WHAT TO DO | Transcribe exactly the lines from the one holding "this 1600×1200 image." through the closing line of the entries below. Pictures stay out of the copy.

Stored dataset items:
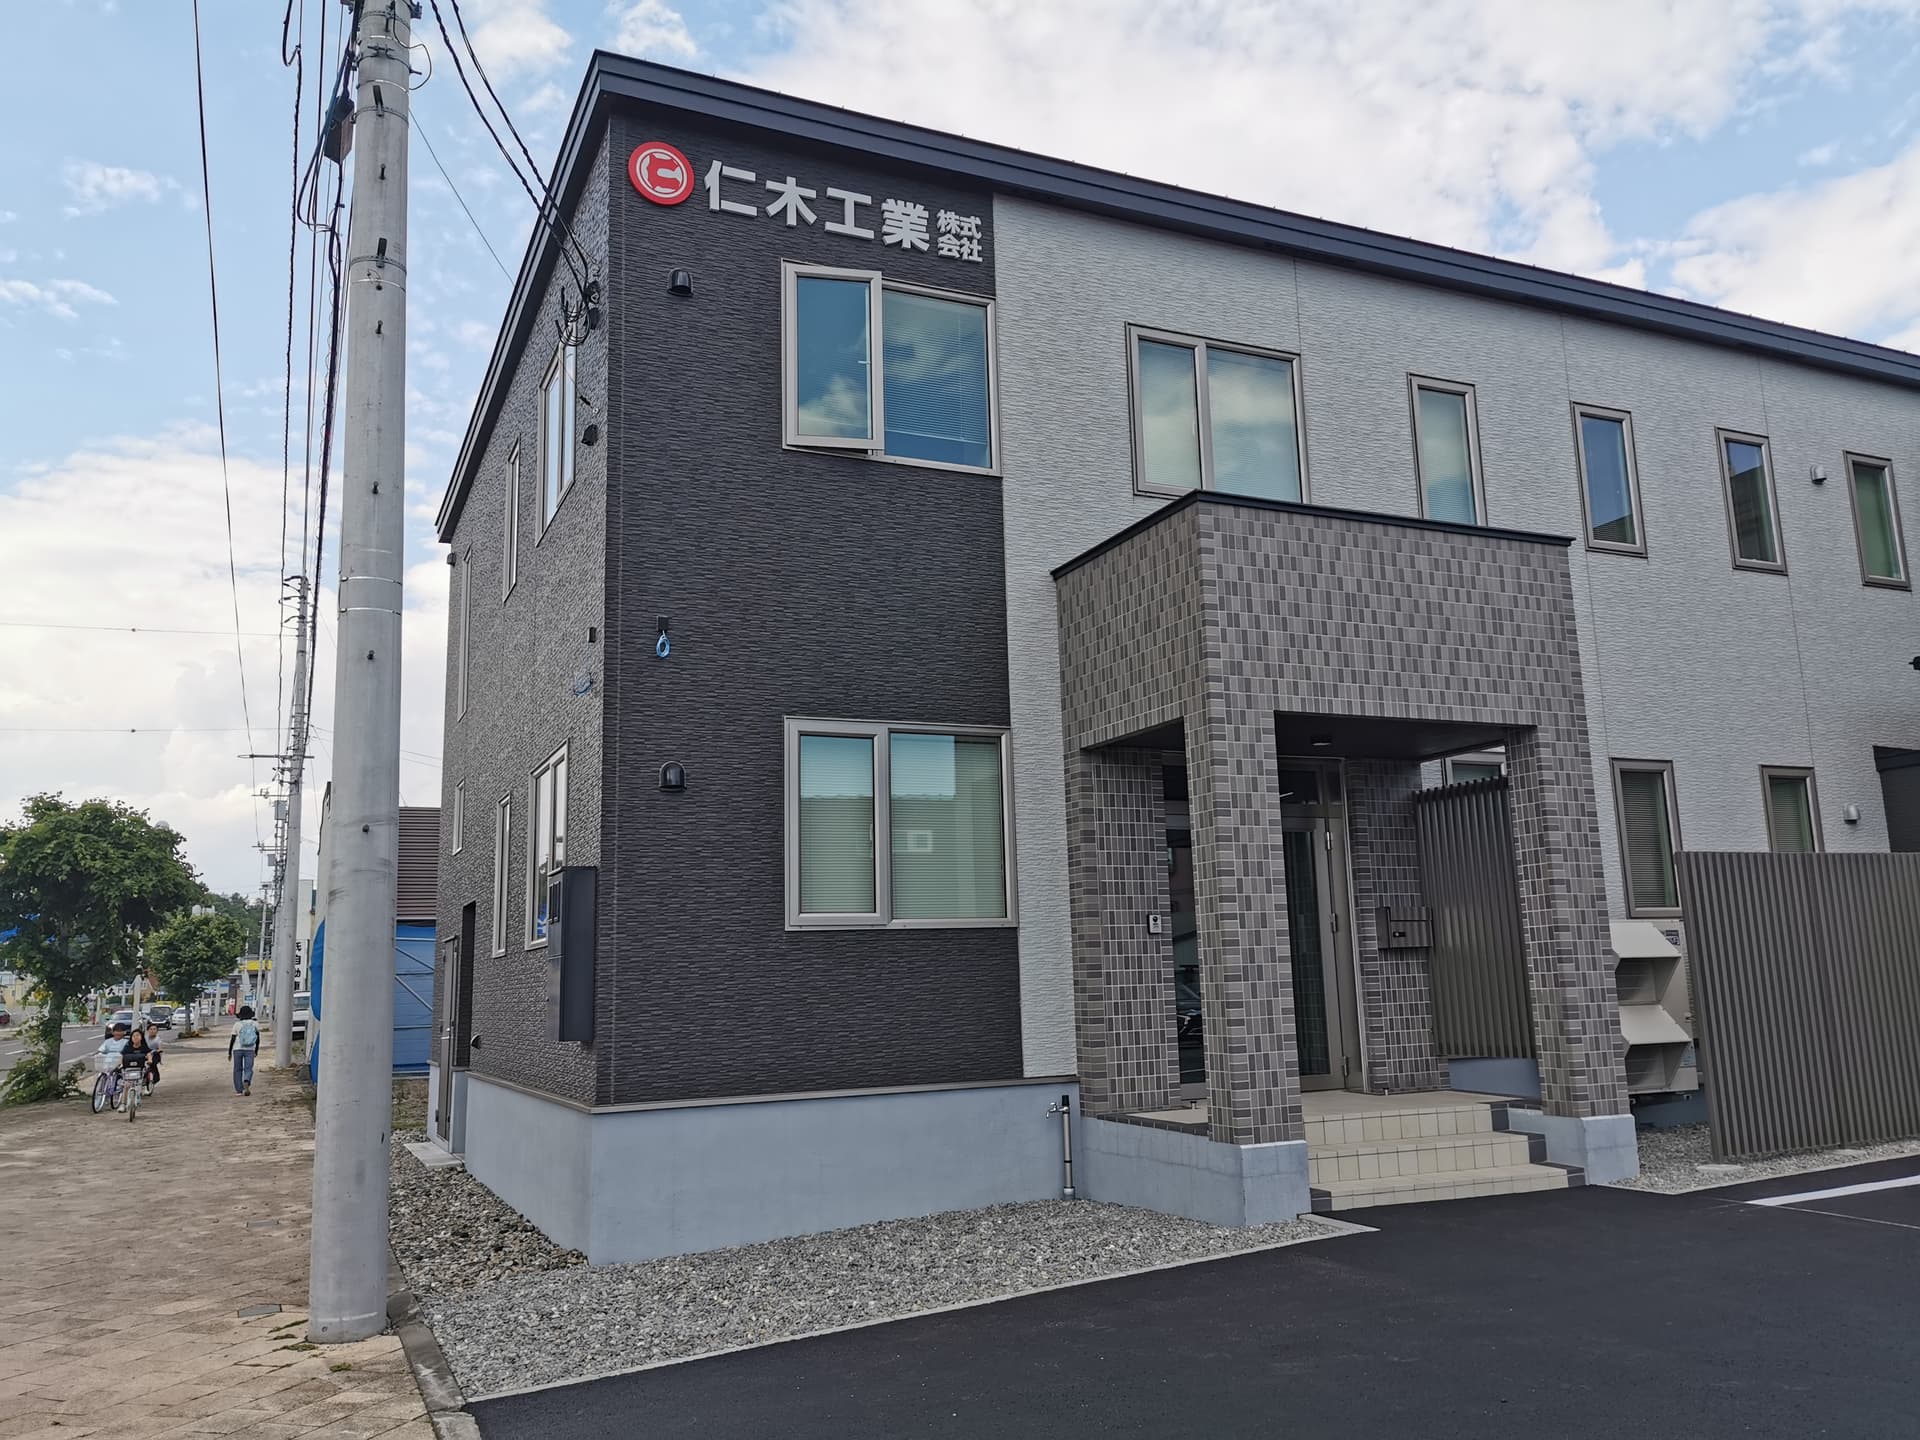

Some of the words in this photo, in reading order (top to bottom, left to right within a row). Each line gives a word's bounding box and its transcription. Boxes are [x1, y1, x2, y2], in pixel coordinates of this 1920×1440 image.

[704, 160, 930, 251] 仁木工業
[936, 209, 982, 239] 株式
[937, 233, 983, 262] 会社
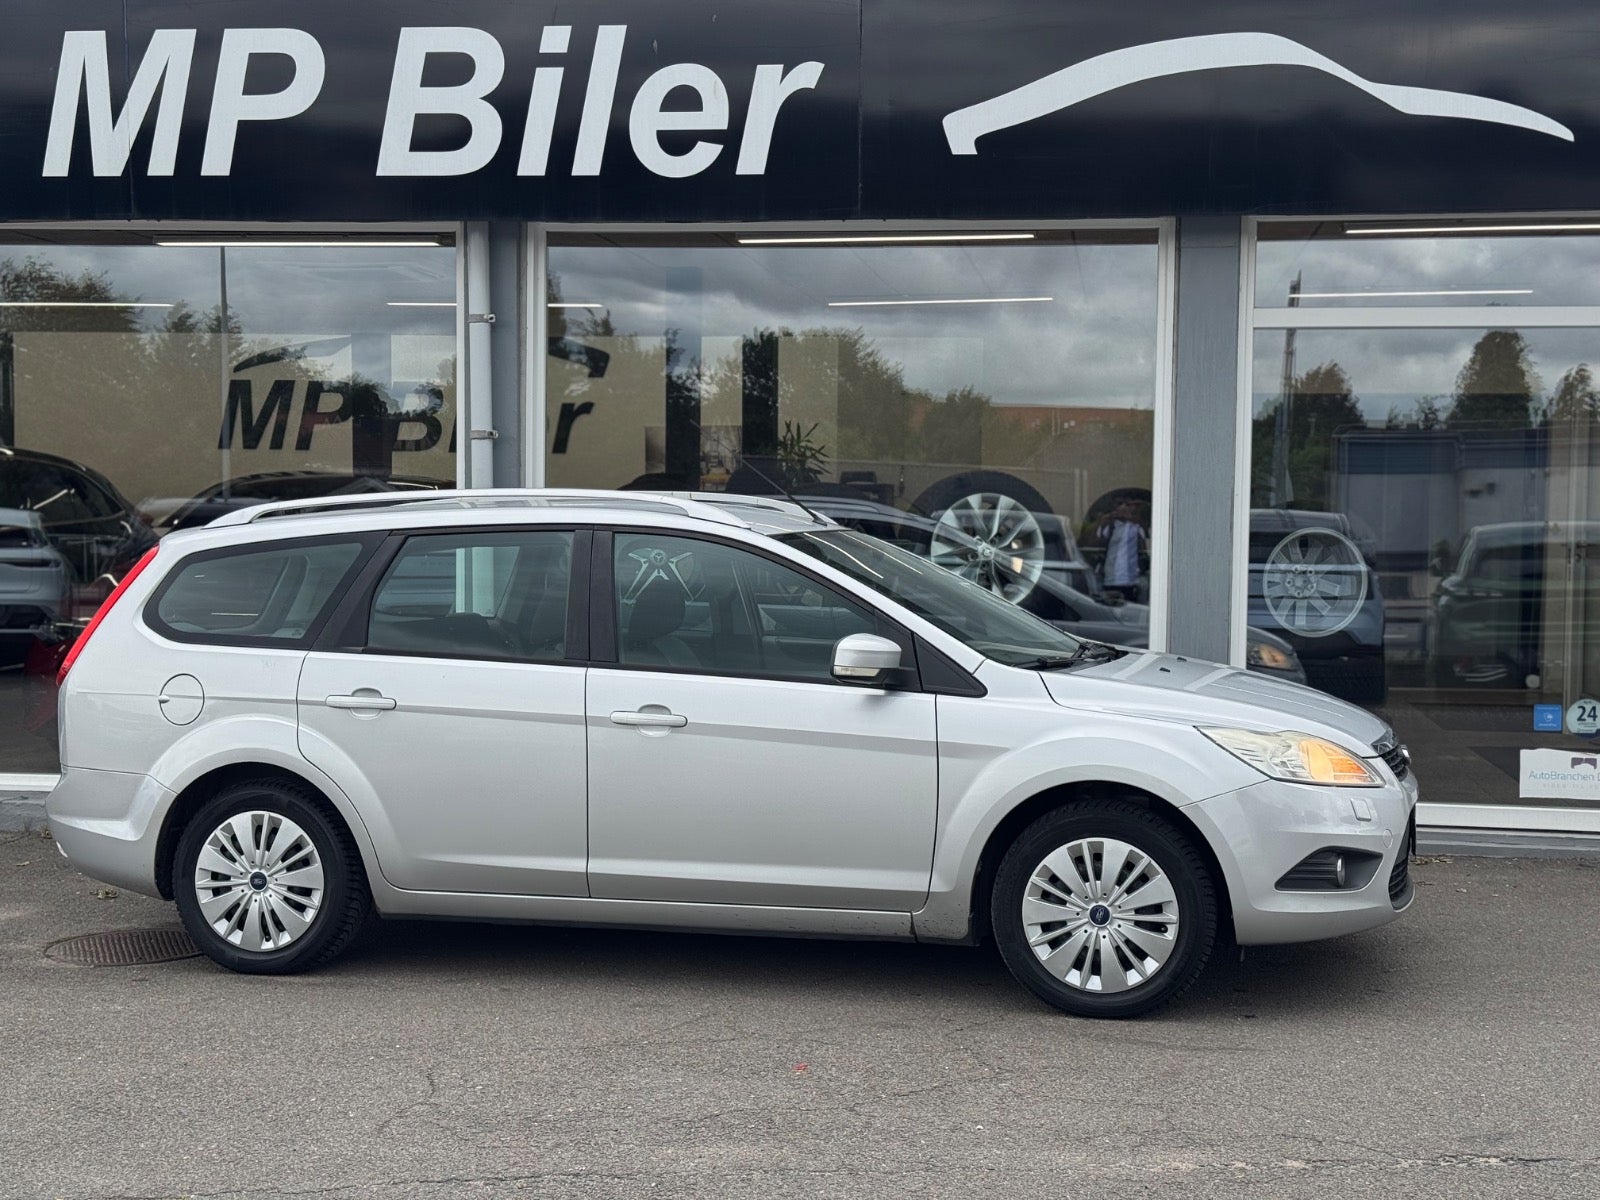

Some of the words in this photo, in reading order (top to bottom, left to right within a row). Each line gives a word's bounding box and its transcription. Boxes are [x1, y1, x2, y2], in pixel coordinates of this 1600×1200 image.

[41, 28, 326, 178] MP
[375, 24, 825, 179] Biler
[217, 379, 354, 451] MP
[1577, 705, 1598, 722] 24
[1528, 770, 1595, 782] AutoBranchen
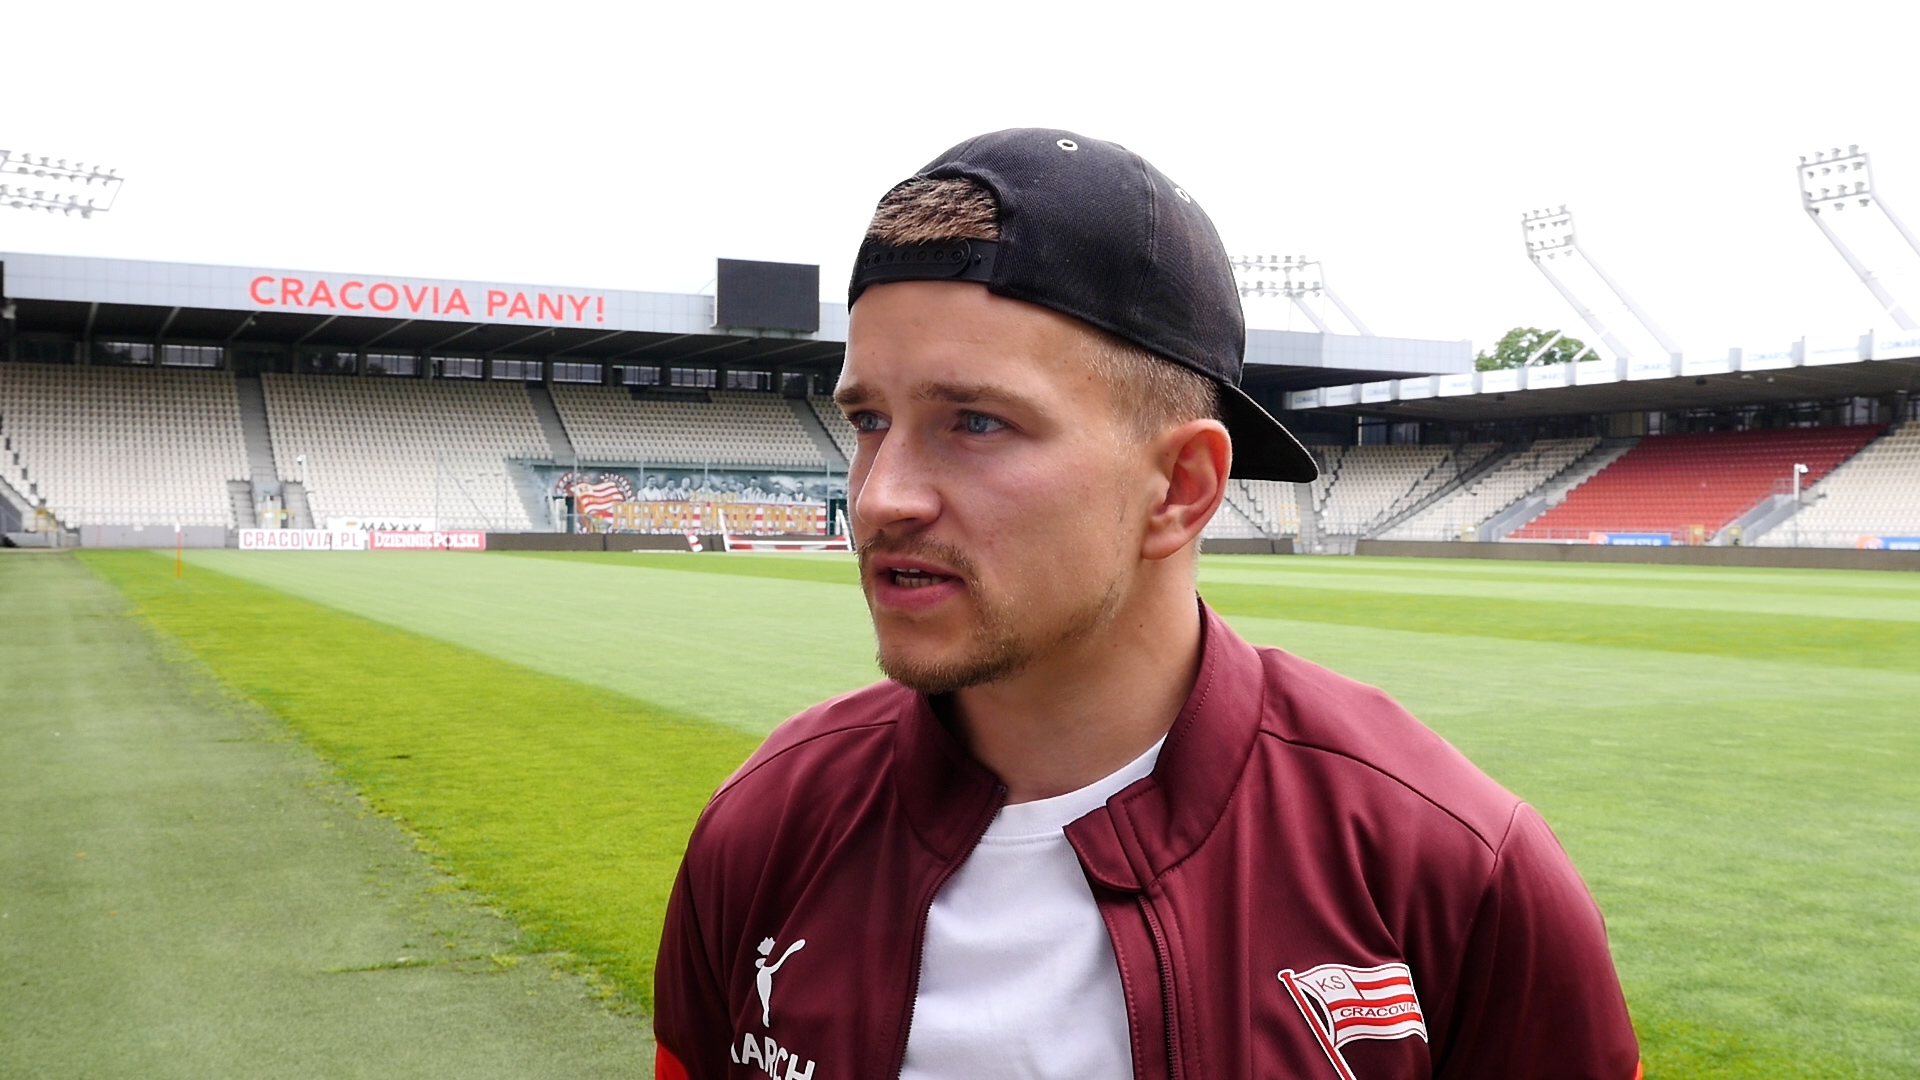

TASK ANSWER |
Some of the words in this photo, in reading order (top to bottom, left to right within a row). Each line gives a word's bounding box and its transcription. Boxes are [x1, y1, x2, y2], in pixel coordinates of this 1600×1200 image.

[41, 28, 326, 178] MP
[375, 24, 825, 179] Biler
[217, 379, 354, 451] MP
[1577, 705, 1598, 722] 24
[1528, 770, 1595, 782] AutoBranchen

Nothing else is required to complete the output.